• _PROBLEM TO SOLVE_: Keep every word of the listing and reproduce it exactly, but set aside any image found there.

=== Begin Enclosure ===

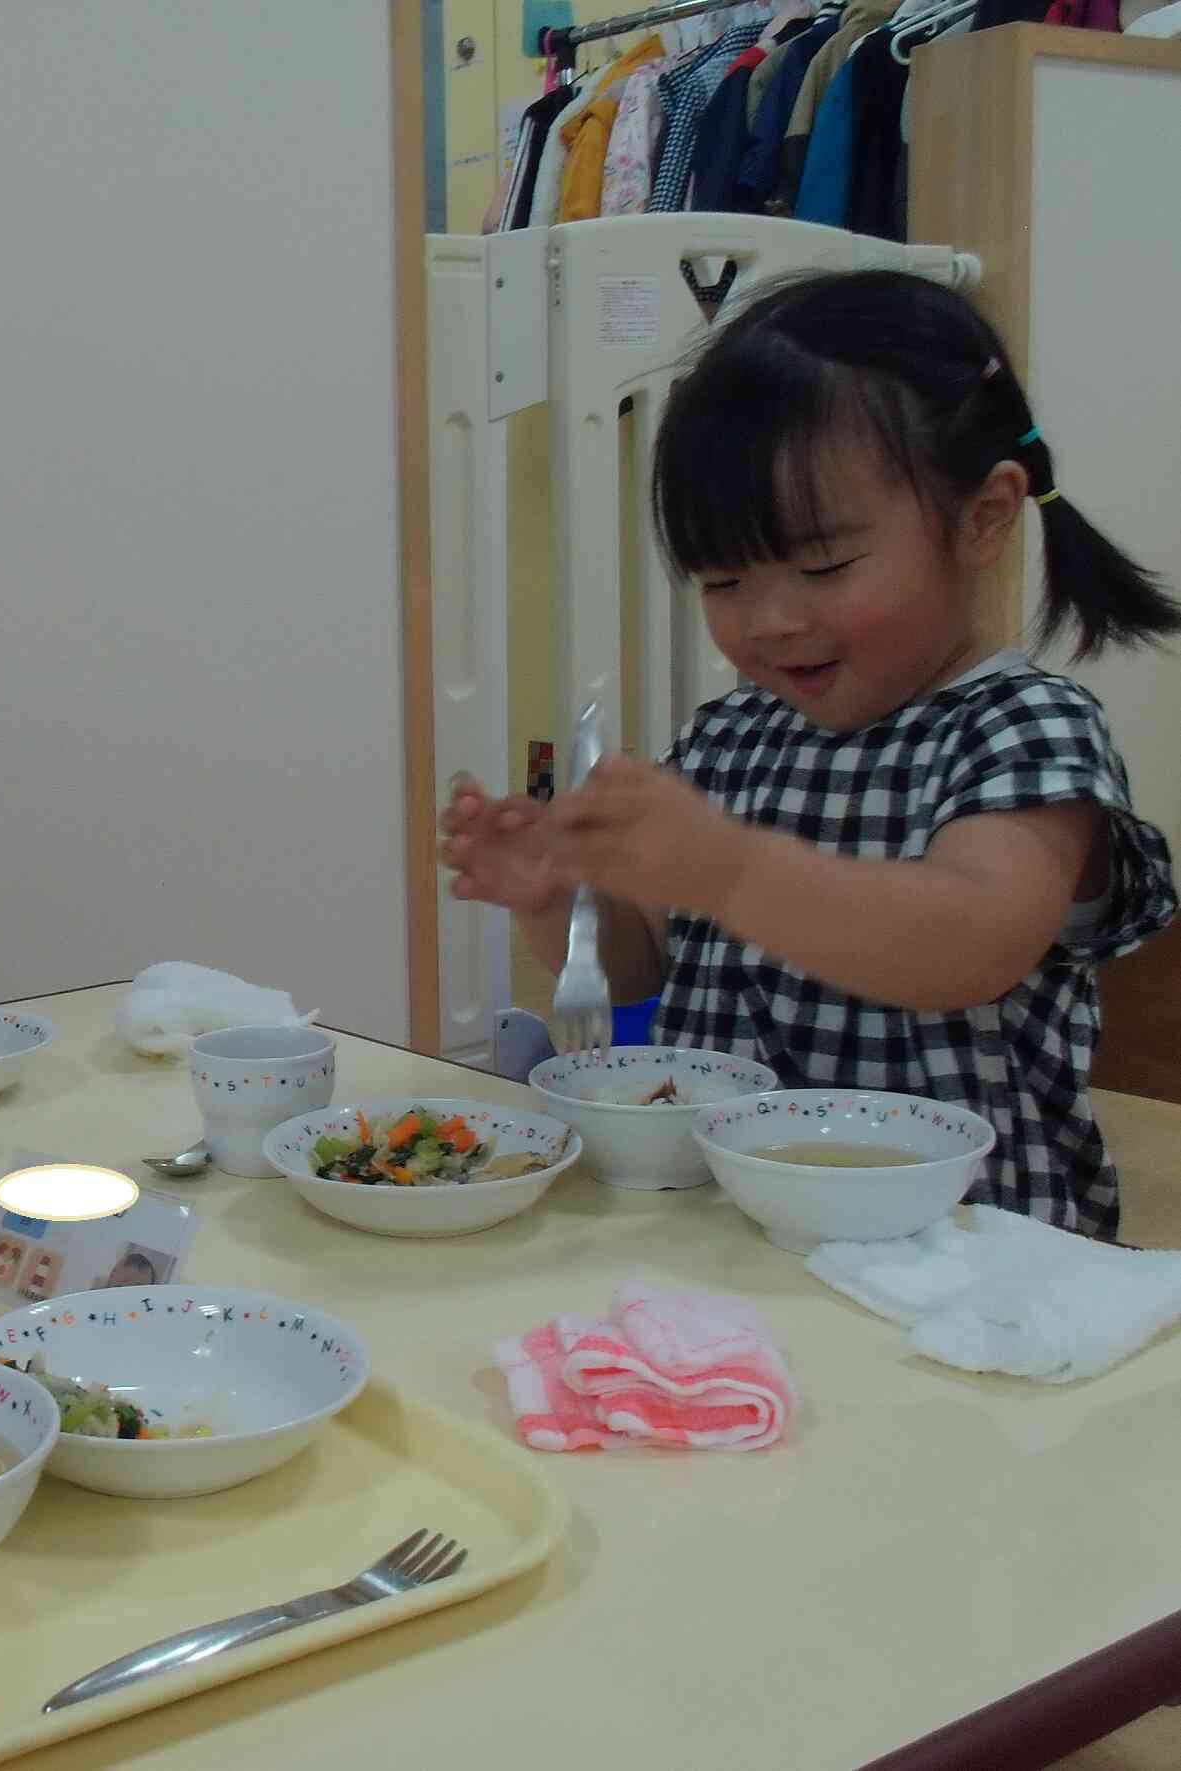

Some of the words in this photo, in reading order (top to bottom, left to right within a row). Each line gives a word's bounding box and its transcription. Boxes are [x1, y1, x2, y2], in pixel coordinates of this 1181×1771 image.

[227, 1079, 237, 1092] S
[757, 1102, 770, 1115] Q
[817, 1105, 828, 1118] S
[909, 1103, 919, 1116] V
[7, 1328, 18, 1344] E
[103, 1311, 117, 1326] H
[140, 1297, 154, 1313] I
[181, 1299, 194, 1314] J
[223, 1306, 234, 1322] K
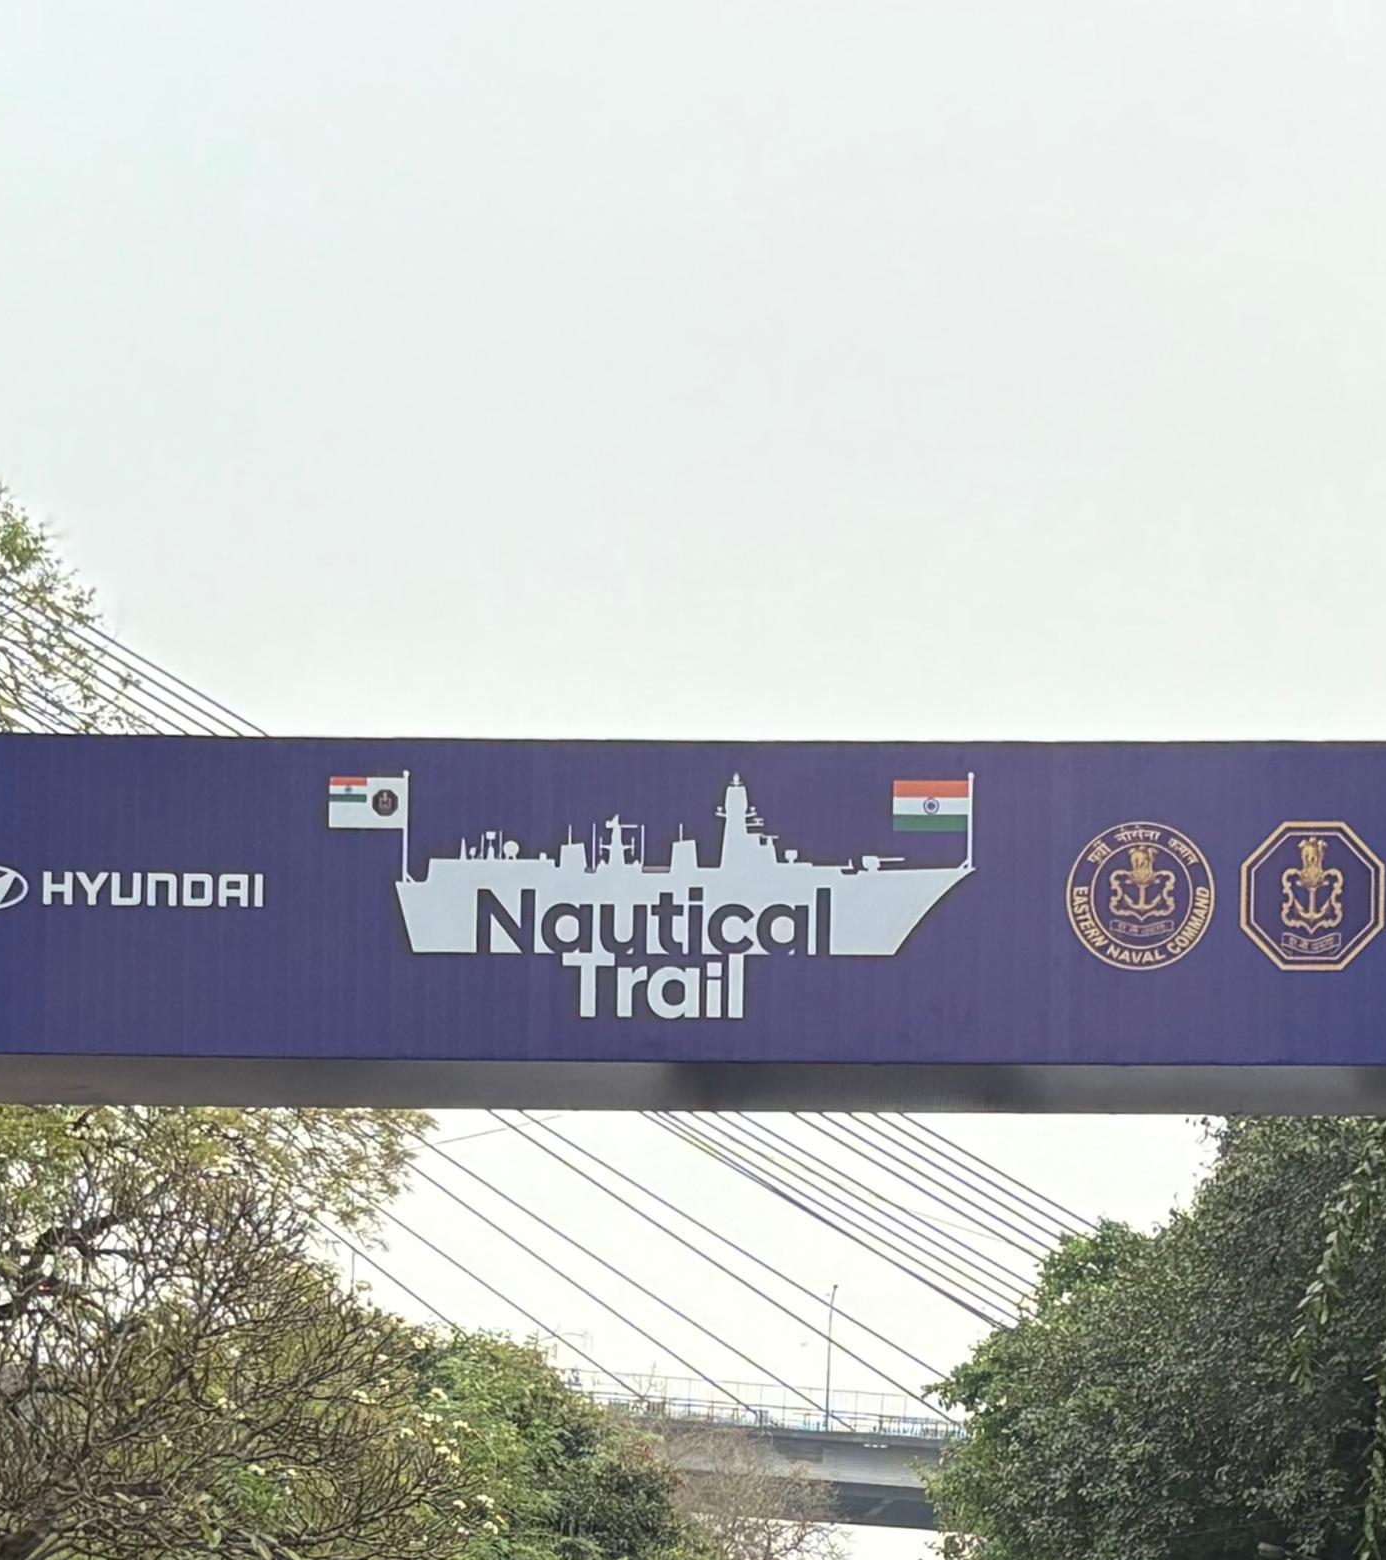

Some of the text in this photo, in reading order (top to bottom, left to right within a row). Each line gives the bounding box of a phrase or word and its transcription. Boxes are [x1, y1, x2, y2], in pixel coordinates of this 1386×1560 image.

[42, 871, 264, 908] HYUNDAI
[476, 886, 831, 955] Nautical
[1073, 886, 1210, 963] EASTERN NAVAL COMMAND
[562, 953, 744, 1018] Trail
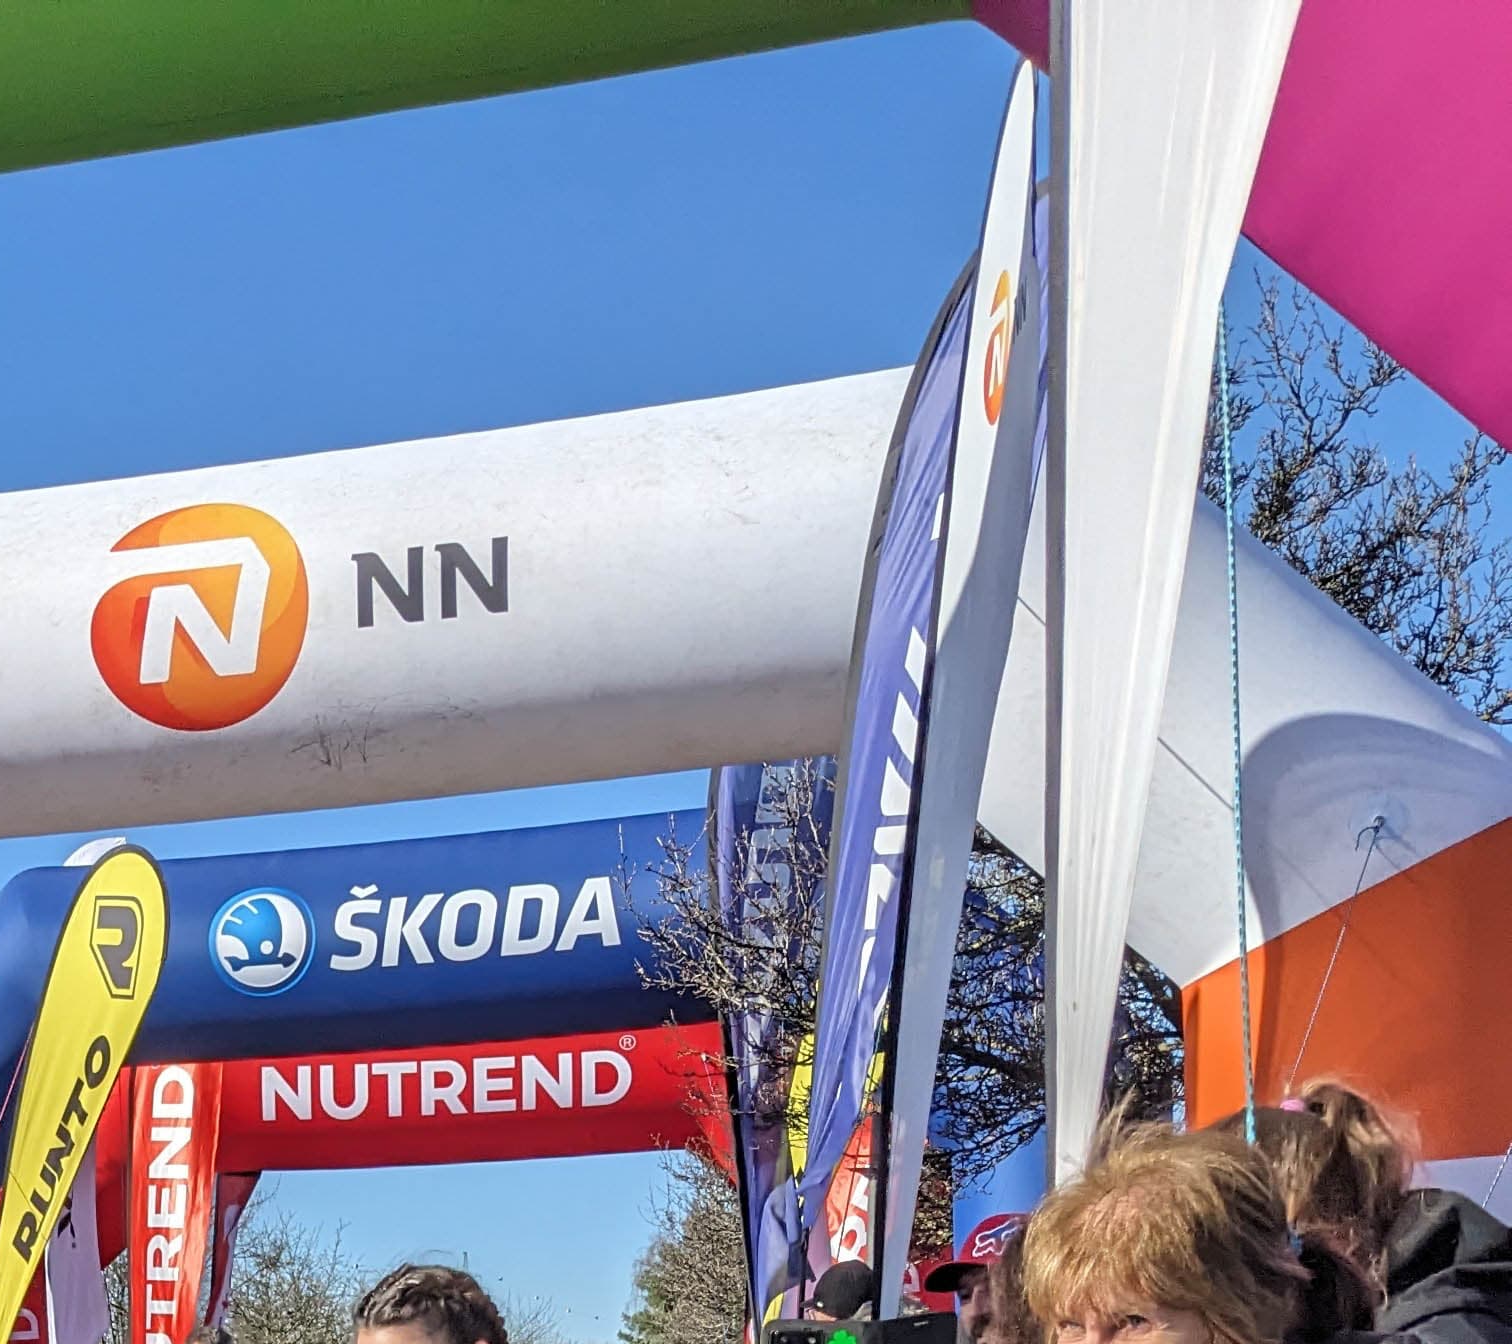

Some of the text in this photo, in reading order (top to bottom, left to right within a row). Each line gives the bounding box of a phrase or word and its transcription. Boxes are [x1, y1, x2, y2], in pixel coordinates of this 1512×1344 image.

[351, 536, 510, 628] NN
[330, 876, 622, 970] ŠKODA
[262, 1049, 634, 1122] NUTREND
[12, 1035, 111, 1264] RUNTO

=== End Enclosure ===

• _YOUR SOLUTION_:
Some of the words in this photo, in reading order (top to bottom, left to right within a row). Each line gives a word's bounding box and its transcription. Boxes are [x1, y1, x2, y2], in pixel coordinates of this 1181×1771 image.

[227, 1079, 237, 1092] S
[757, 1102, 770, 1115] Q
[817, 1105, 828, 1118] S
[909, 1103, 919, 1116] V
[7, 1328, 18, 1344] E
[103, 1311, 117, 1326] H
[140, 1297, 154, 1313] I
[181, 1299, 194, 1314] J
[223, 1306, 234, 1322] K

Some of the text in this photo, in reading order (top to bottom, left to right within a row). Each line gives the bounding box of a phrase or word and its transcription. Boxes are [x1, y1, x2, y2], in pixel coordinates of this 1386×1560 image.

[42, 871, 264, 908] HYUNDAI
[476, 886, 831, 955] Nautical
[1073, 886, 1210, 963] EASTERN NAVAL COMMAND
[562, 953, 744, 1018] Trail

Some of the text in this photo, in reading order (top to bottom, left to right within a row). Each line gives the bounding box of a phrase or word and its transcription. Boxes are [x1, y1, x2, y2], in pixel coordinates of this 1512×1344 image.

[351, 536, 510, 628] NN
[330, 876, 622, 970] ŠKODA
[262, 1049, 634, 1122] NUTREND
[12, 1035, 111, 1264] RUNTO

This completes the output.